Varicose disease of the lower extremities

Varicose disease of the lower limbs is extremely common, and if the past patients of the doctor was older, now it quite often affects people aged 25-45. Its symptoms, according to various statistics, observed in 66% of men and 90% women population in developed countries. The disease is progressive in nature and can be combined with venous insufficiency.

Varicose disease of the lower extremities is accompanied by abnormal enlargement of the superficial veins, which is caused by a failure of venous valves, and is accompanied by a significant violation of hemodynamics. In the future, this pathology may be exacerbated by thrombosis, leading to increased risk of phlebothrombosis and pulmonary embolism (PE).

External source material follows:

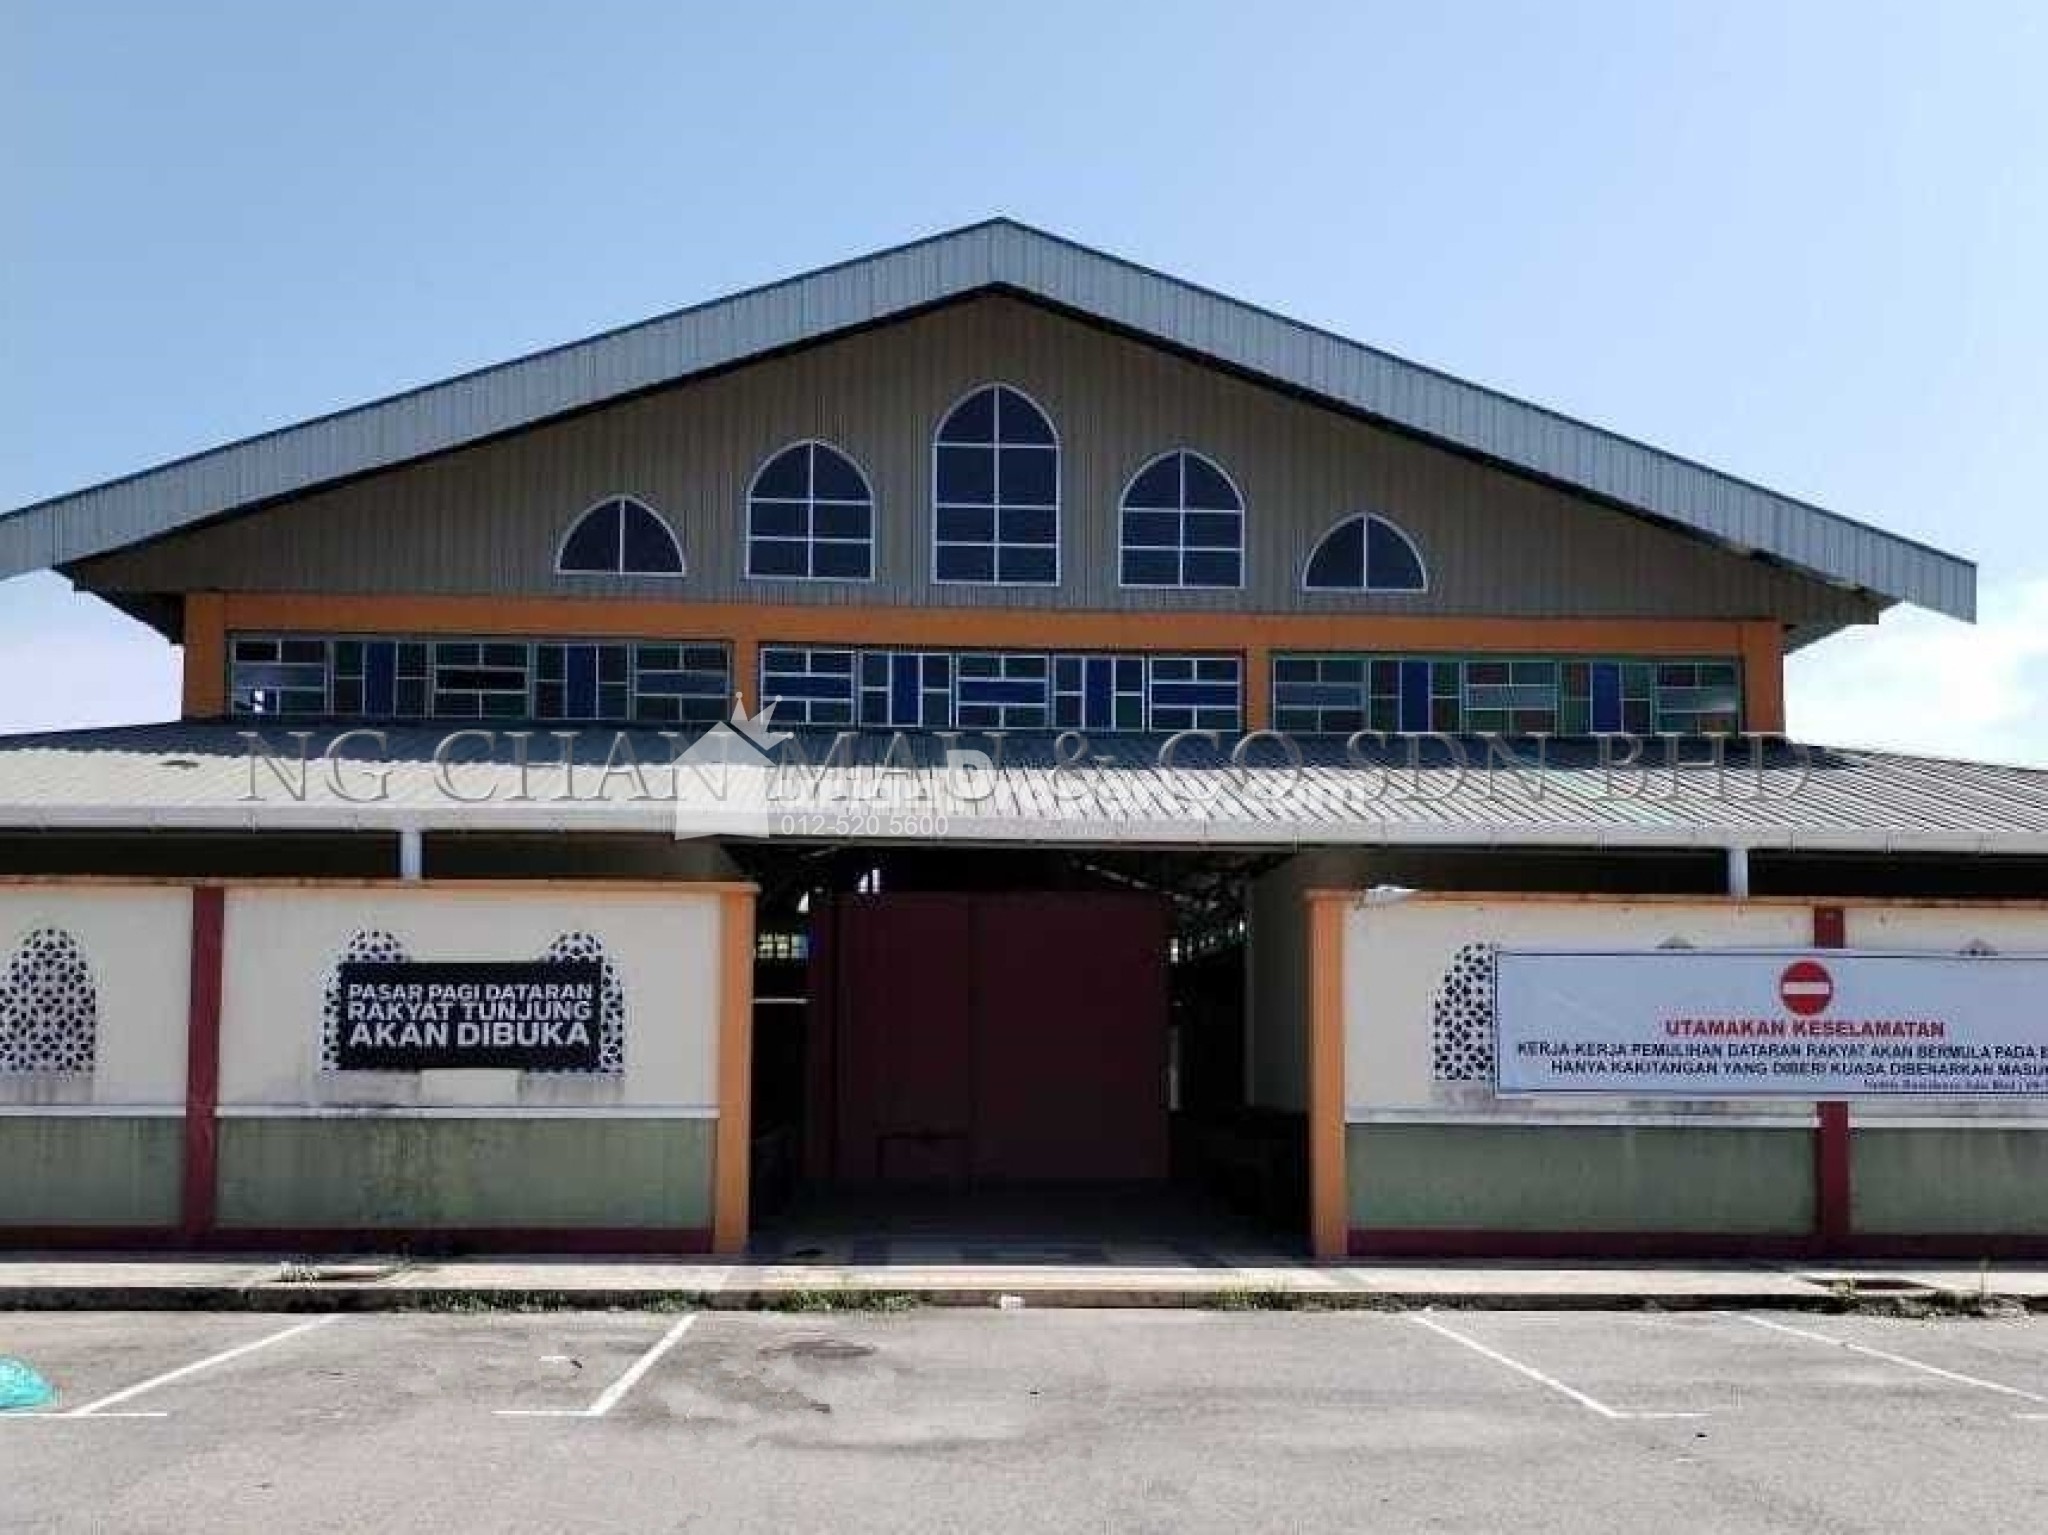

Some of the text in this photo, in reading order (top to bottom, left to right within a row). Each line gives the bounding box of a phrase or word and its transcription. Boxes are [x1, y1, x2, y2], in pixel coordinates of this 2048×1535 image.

The mechanism of development

varicose veins of the lower extremities

The first starting mechanism in the development of this pathology of the lower limbs veins is a malfunction of the venous valves, which leads to reflux of blood. As a result, the slowing of blood flow react with endothelial cells and are white blood cells that activate the inflammatory process in the vessel wall, spreading through the venous channel. In parallel with inflammation of the disturbed functions of the endothelial layer of the veins, and then all layers of the venous wall.

In the first place and particularly acute from the above mentioned pathological processes is the valve system of the veins. First is usually affected area max load: at the mouth of the great and small saphenous veins or major perforating vessels. In the future, because of the overflow venous occurs hyperextension of venous wall, and the volume of venous blood in the superficial venous vessels of the lower extremities increases. Further, this exceeded the volume flows through the particular system to the deep veins and stretches them. They later develops dilatation and insufficiency of venous valves.

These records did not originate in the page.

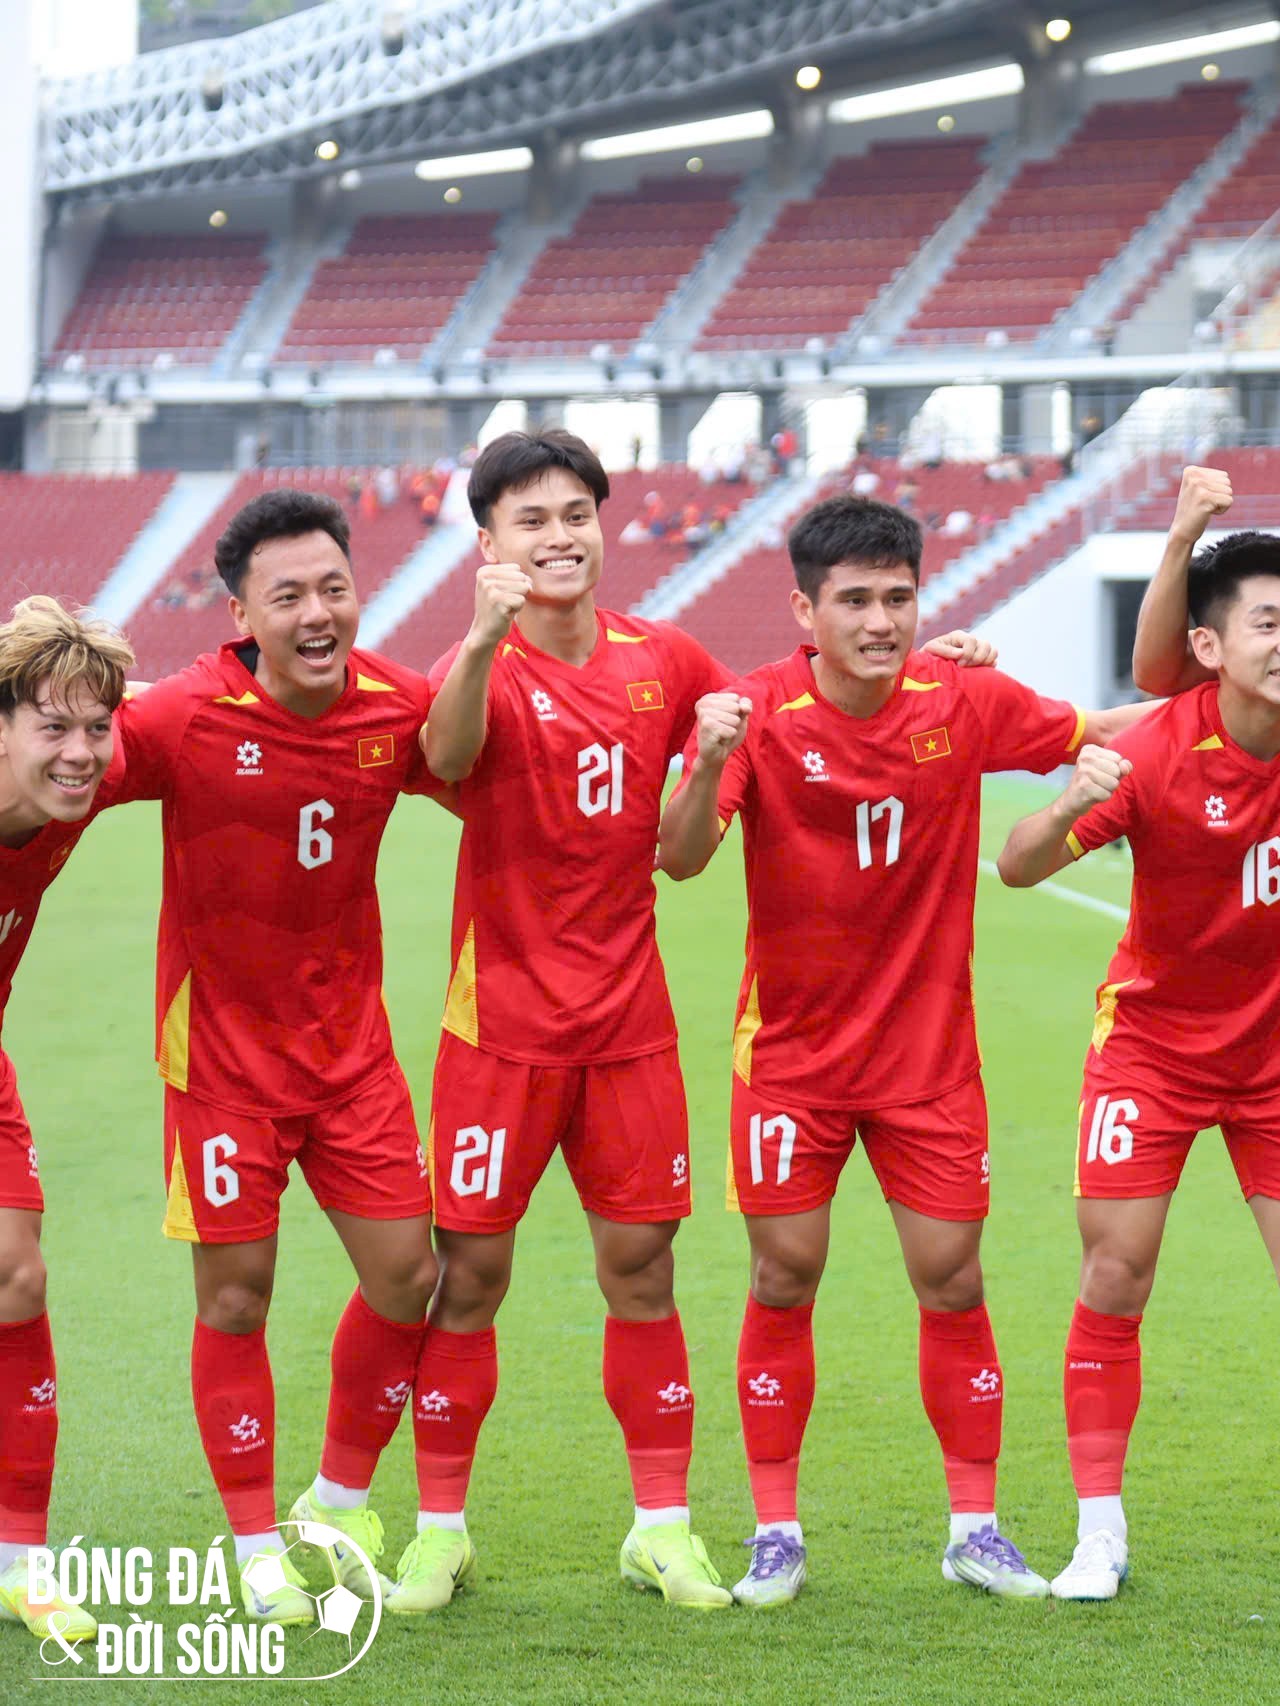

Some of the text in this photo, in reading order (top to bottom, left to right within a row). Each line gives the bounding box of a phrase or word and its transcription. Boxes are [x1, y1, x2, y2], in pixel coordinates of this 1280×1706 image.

[577, 742, 624, 817] 21
[297, 798, 335, 870] 6
[855, 795, 904, 870] 17
[449, 1125, 507, 1200] 21
[749, 1113, 797, 1185] 17
[1086, 1095, 1140, 1165] 16
[202, 1133, 240, 1208] 6

These pathological changes lead to horizontal reflux (reflux of blood into the subcutaneous venous network) and the work of the venous pump completely loses its effectiveness. To further develop venous hypertension leading to venous insufficiency. Initially, the patient edema, and then from the blood stream into soft tissue and penetrate blood cells, which result in hyperpigmentation and skin. With the progression of the disease on the surface of the skin appears trophic ulcer, which may be complicated by secondary infection.


Doctors point to several reasons that may lead to pathological disorders in the functioning of the venous system. They are divided into two main groups:

  • I – genetic predisposition;
  • II – a number of reasons, due to the influence of adverse factors or their combination.

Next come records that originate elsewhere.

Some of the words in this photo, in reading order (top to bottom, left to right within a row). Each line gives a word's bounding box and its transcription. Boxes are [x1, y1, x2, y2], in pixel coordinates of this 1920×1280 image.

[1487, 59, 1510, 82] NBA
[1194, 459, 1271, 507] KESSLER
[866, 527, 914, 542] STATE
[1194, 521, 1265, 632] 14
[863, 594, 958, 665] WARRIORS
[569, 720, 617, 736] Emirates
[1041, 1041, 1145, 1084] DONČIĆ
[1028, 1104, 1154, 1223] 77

Genetic predisposition to varicose veins can be determined for both women and men, despite the fact that in most cases, this pathology is observed in women. The disease may for a long time does not manifest itself, but under certain circumstances (for example, intensive physical exertion) is the failure of the venous valves.

Doctors identify a number of adverse factors that may cause varicose veins:

  • hormonal imbalance;
  • age;
  • diabetes mellitus;
  • frequent constipation;
  • surgical surgery or injury;
  • hypercoagulability;
  • obesity;
  • addiction to alcohol and Smoking;
  • professional risks (high load, long forced standing position);
  • wearing compressing the body linen;
  • prolonged wearing of high heel shoes;
  • pregnancy and childbirth;
  • constitutional features and congenital anomalies of the circulatory system;
  • stay in adverse climatic conditions.

Signs and symptoms

Varicose veins in most cases develops slowly and gradually. Early on she manifested few and nonspecific symptoms that can be grouped into a "syndrome of heavy legs":

  • a feeling of heaviness in the legs;
  • fatigue of legs;
  • burning sensation and fullness in region of veins;
  • aching pain;
  • occasional swelling of the back side of the foot and ankle, increasing in the evening and disappearing after a night's sleep.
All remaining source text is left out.